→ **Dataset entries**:
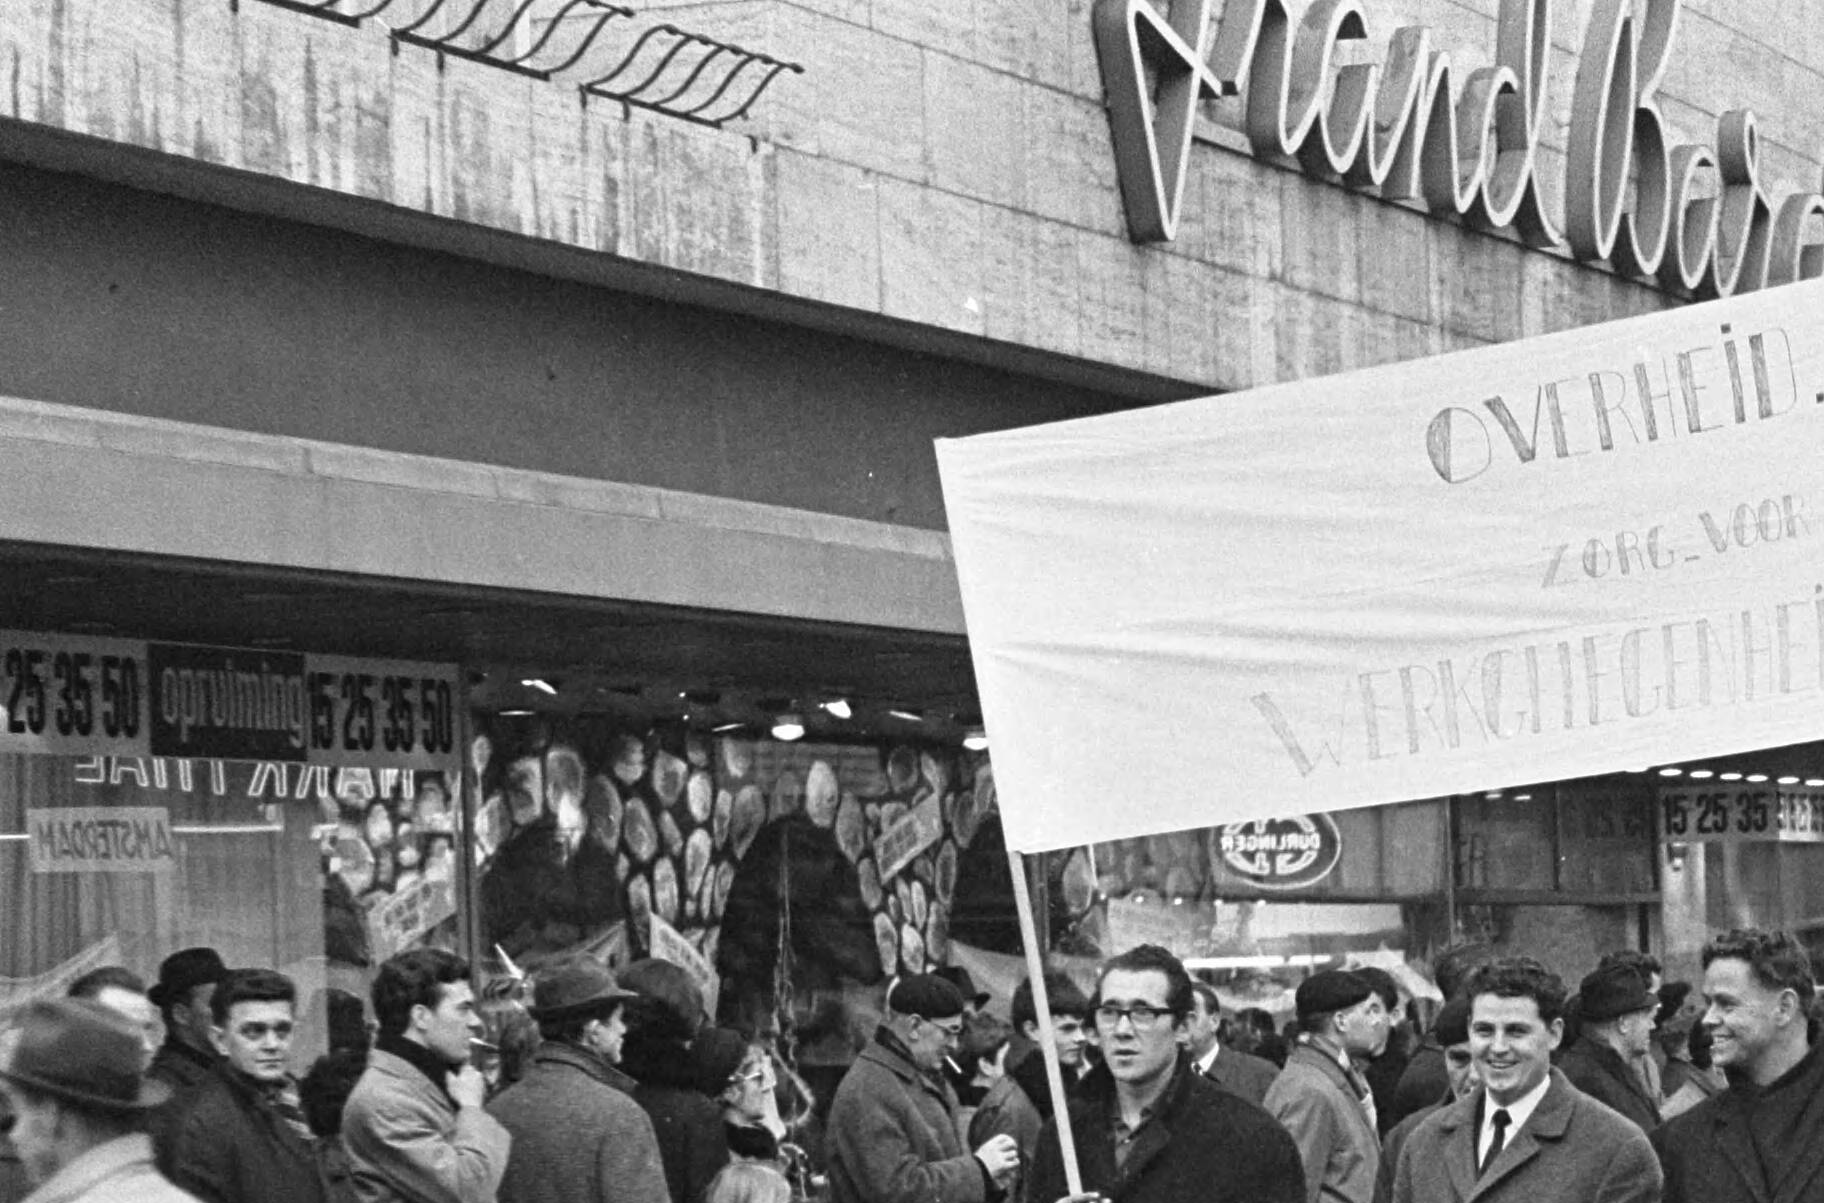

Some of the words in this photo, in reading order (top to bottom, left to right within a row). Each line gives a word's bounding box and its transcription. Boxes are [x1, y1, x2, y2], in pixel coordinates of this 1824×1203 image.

[6, 648, 46, 735] 25
[54, 652, 93, 737] 35
[102, 655, 140, 739] 50
[160, 656, 304, 748] opruiming
[342, 672, 374, 752] 25
[383, 675, 416, 754] 35
[421, 679, 453, 754] 50
[1664, 794, 1688, 835] 15
[1696, 793, 1728, 834] 25
[1737, 792, 1769, 832] 35

→ **Assignment**: What is needed is every record above, returned exactly, with the pictures omitted.

→ **Task response**:
Some of the words in this photo, in reading order (top to bottom, left to right within a row). Each line gives a word's bounding box and its transcription. Boxes are [x1, y1, x2, y2], in pixel coordinates of this 1824×1203 image.

[6, 648, 46, 735] 25
[54, 652, 93, 737] 35
[102, 655, 140, 739] 50
[160, 656, 304, 748] opruiming
[342, 672, 374, 752] 25
[383, 675, 416, 754] 35
[421, 679, 453, 754] 50
[1664, 794, 1688, 835] 15
[1696, 793, 1728, 834] 25
[1737, 792, 1769, 832] 35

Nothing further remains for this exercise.